The ethics of organ replacement and social engineering have been covered before by films such as Gattaca and The Island but always in landscapes too fantastic to ever draw the matter close. But Never Let Me Go is an England we know exactly, only one government policy away from complete familiarity.

Abstract reality

Like some Ian McEwan novels and most Iain Banks, Ishiguro’s novel and Mark Romanek’s film tread a precise line between the real and the fantastic. This one change in one government policy makes the familiar strange and the mixture is unnerving.

It creates a simulacrum, a ‘vague semblance of the world’ – or in this case, a very real semblance.

Any good simulacrum works in a tight space between what is and what could be. Tilt us towards what could be and we see life from new angles but tilt us too far from what is, and the thread to life is cut. Matters become more thought than felt. The woman in the seats in front of me was not crying in abstract. This film treads the line exactly.

Kathy, Tommy and Ruth are our entry point to this simulacrum. The argument of the film is admittedly hard to nail. What appears as an argument with the cold science of bio-ethics veers off into a critique of class. A reflection on orphan life follows. An essay on discrimination is hinted at. But these are all fronts. The film lands the matter much closer to home – with the lives and lost loves of Kathy, Tommy and Ruth.

These three and the poor unfortunates they represent are purposed for the briefest of lives. With each due to donate organs soon after 20 and with few donors surviving three or four donations before ‘completion’ (the scheme’s euphemism for death), their life span is brutally short.

We have seen the skeletal figure of Keira Knightley in many films before but here she hangs over a walking frame like her skeleton has finally won the argument. Here, as Ruth, she is as sick as she often looks. Andrew Garfield is brilliant as the picked-on but lovable Tommy and you want to hold him up like you would an old man, which is an uncomfortable response to a charming 20-something. It pains you to feel it. Anyone who has had children die young would surely find this film much too much.
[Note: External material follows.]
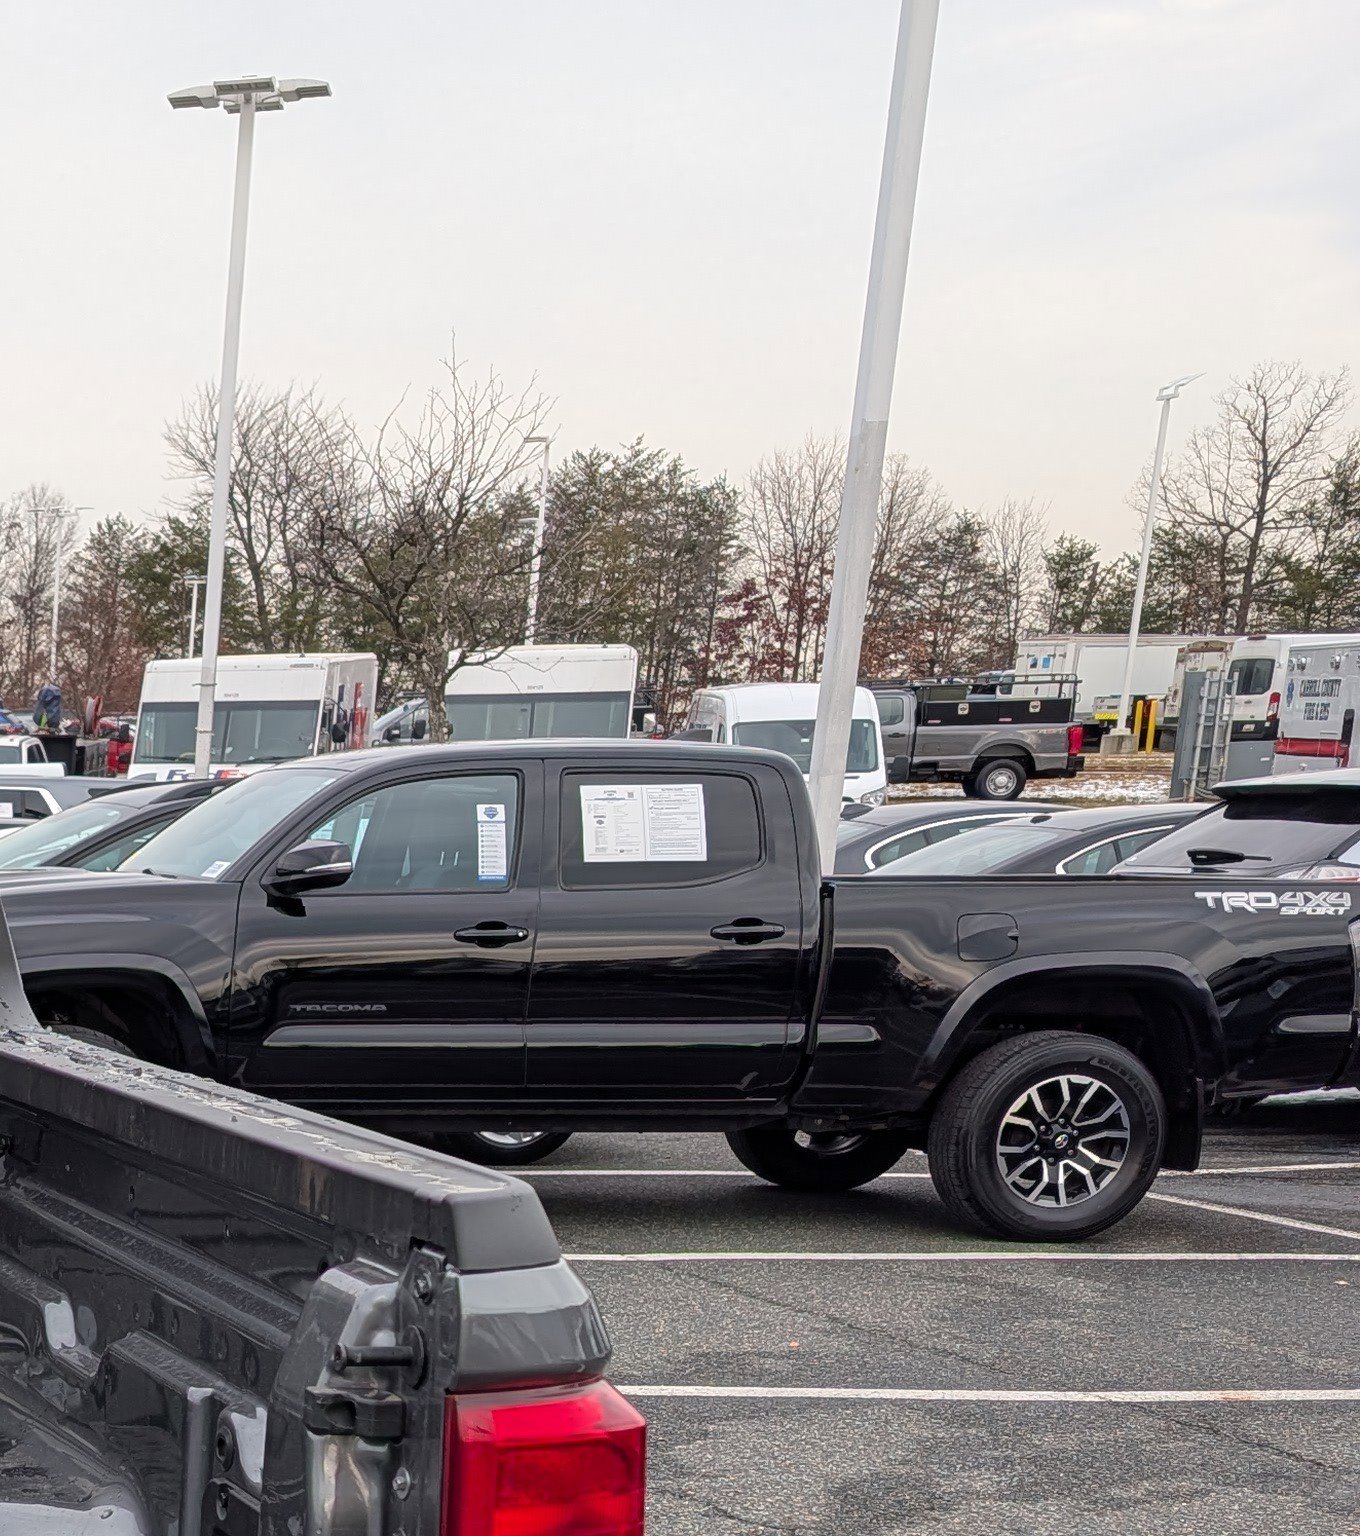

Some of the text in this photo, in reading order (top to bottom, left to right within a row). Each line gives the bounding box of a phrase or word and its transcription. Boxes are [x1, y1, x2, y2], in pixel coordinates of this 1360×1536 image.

[1194, 891, 1280, 914] TRD
[1280, 906, 1351, 915] SPORT
[289, 1004, 388, 1012] TACOMA
Carey Mulligan's Kathy holds the contrast. She keeps her health for a while, at least, as she has been enrolled in the Donor Scheme as a carer for fellow donors. It is just a stay of the scalpel. She must inevitably donate herself. And soon.
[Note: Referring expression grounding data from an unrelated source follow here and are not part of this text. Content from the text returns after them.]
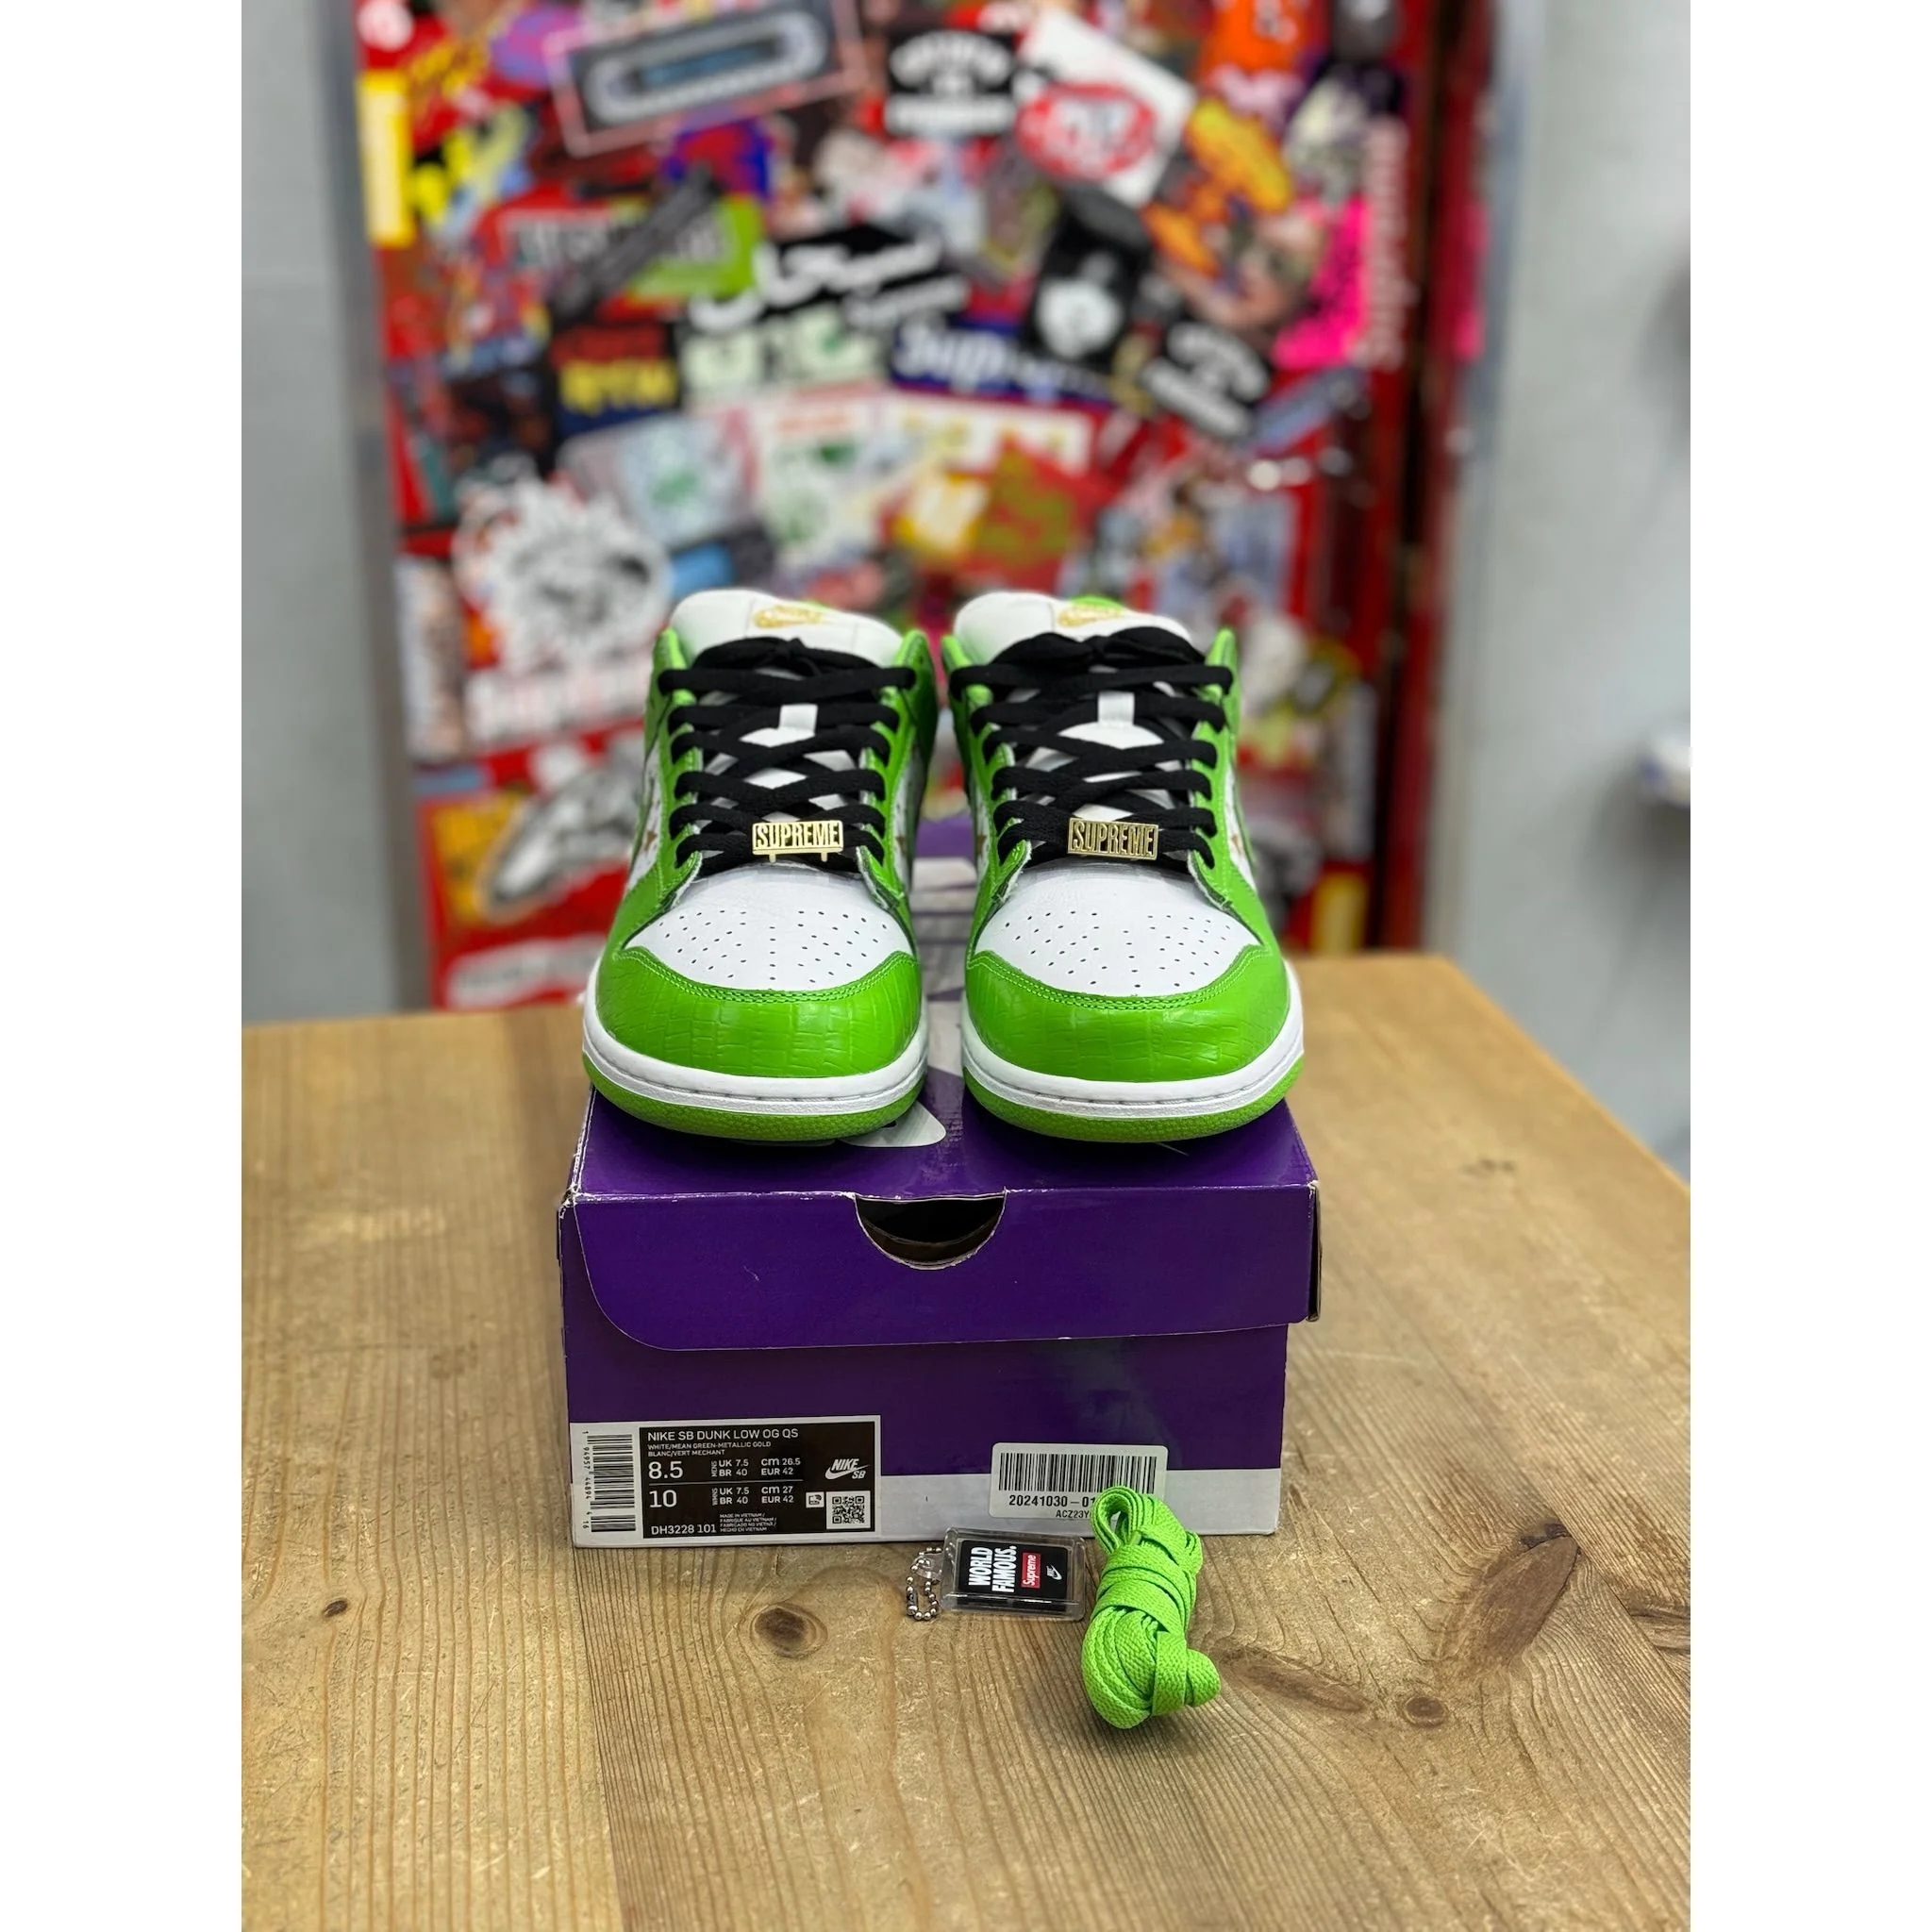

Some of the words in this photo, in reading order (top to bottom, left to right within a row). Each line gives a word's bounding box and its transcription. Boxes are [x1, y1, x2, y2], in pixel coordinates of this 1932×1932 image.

[756, 822, 840, 848] SUPREME
[1072, 820, 1156, 858] SUPREME
[647, 1431, 675, 1441] NIKE
[678, 1430, 694, 1441] SB
[696, 1429, 731, 1441] DUNK
[733, 1429, 760, 1440] LOW
[762, 1428, 779, 1439] OG
[782, 1428, 799, 1439] QS
[736, 1458, 749, 1467] 7.5
[782, 1457, 801, 1466] 26.5
[831, 1458, 859, 1471] NIKE
[648, 1460, 683, 1479] 8.5
[736, 1468, 748, 1476] 40
[782, 1467, 794, 1475] 42
[852, 1470, 866, 1479] SB
[719, 1487, 733, 1495] UK
[736, 1486, 750, 1494] 7.5
[761, 1486, 780, 1494] cm
[649, 1490, 677, 1508] 10
[737, 1496, 749, 1505] 40
[761, 1495, 781, 1504] EUR
[651, 1524, 694, 1535] DH3228
[696, 1524, 717, 1534] 101
[968, 1547, 993, 1586] WORLD
[991, 1545, 1018, 1593] FAMOUS.
[1022, 1555, 1038, 1586] Supreme
These characters barely breathe, know and love. And then they die. They ‘complete’ when there is nothing complete at all. Everything is unfulfilled. Loves are severed before they grow. Foreboding eats the days of youth. Bodies fail early.

Fulfillment?

This film takes us to the house of mourning (Ecclesiastes 7:2). This is the short edit of life. Some literary fragments the film brought to mind, snagged on the film’s tight wire, are these:

‘Even this space that has been granted to us rushes by so speedily and so swiftly that all save a very few find life at an end just when they are getting ready to live.’ (Seneca)
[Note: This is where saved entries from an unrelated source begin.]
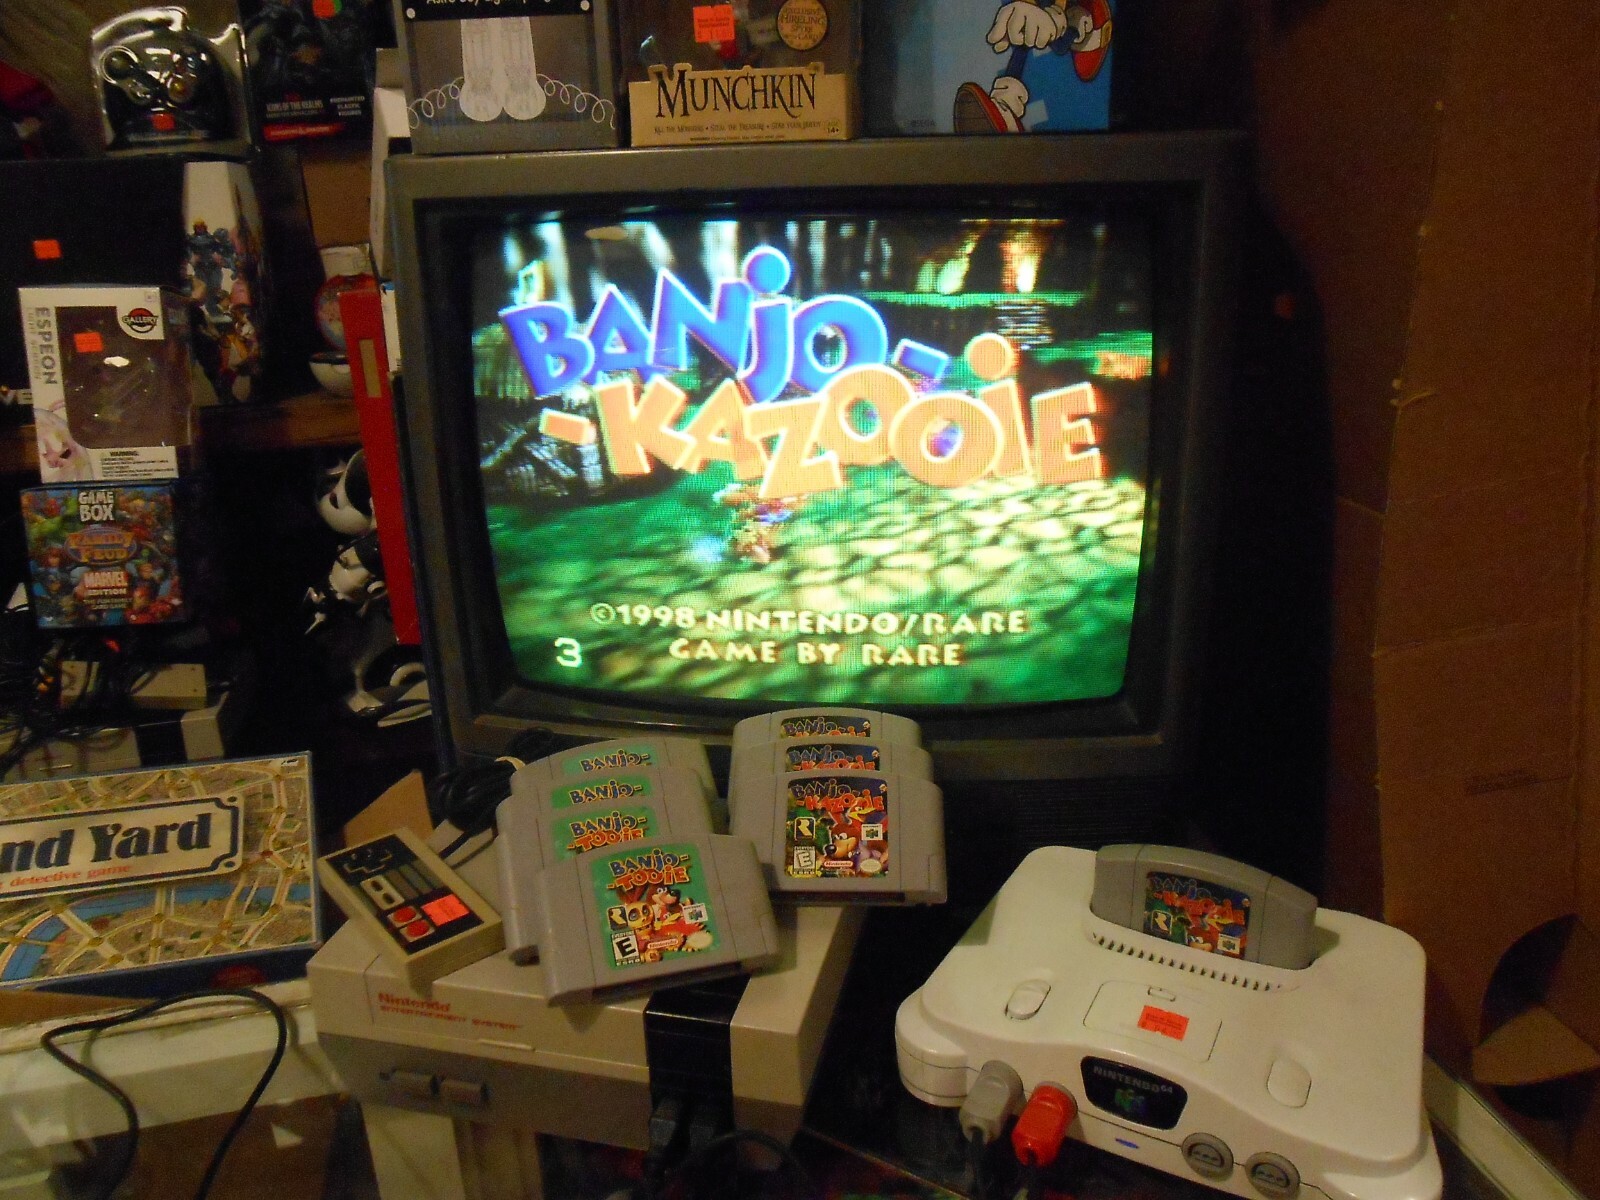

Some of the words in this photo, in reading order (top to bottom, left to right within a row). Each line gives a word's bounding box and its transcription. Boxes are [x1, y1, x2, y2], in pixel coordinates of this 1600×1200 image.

[655, 69, 817, 118] MUNCHKIN
[34, 306, 58, 385] ESPEON
[78, 491, 114, 505] GAME
[79, 504, 115, 522] BOX
[84, 571, 128, 587] MARVEL
[589, 602, 697, 629] ©1998
[704, 608, 1028, 635] NINTENDO/RARE
[553, 636, 583, 668] 3
[668, 637, 778, 665] GAME
[797, 642, 841, 666] BY
[862, 642, 963, 667] RARE
[0, 829, 75, 873] nd
[87, 812, 213, 864] Yard
[796, 850, 812, 868] E
[9, 869, 82, 888] detective
[87, 863, 132, 880] game
[615, 937, 637, 958] E
[378, 992, 450, 1012] Nintendo
[1092, 1064, 1161, 1094] NINTENDO
[1160, 1082, 1174, 1095] 64
‘When God gives any man wealth and possessions, and enables him to enjoy them, to accept his lot and be happy in his work — this is a gift of God. He seldom reflects on the days of his life, because God keeps him occupied with gladness of heart.’ (Qoheleth)

‘I have eaten
the plums
that were in
the icebox

and which
you were probably
saving
for breakfast

Forgive me
they were delicious
so sweet
and so cold’ (William Carlos Williams)

I remember a preacher at an infant girl’s funeral insisting, under the sovereignty of God, that hers was a life complete. I’m sure he was right.

Watch this film if you can bear to feel your bones.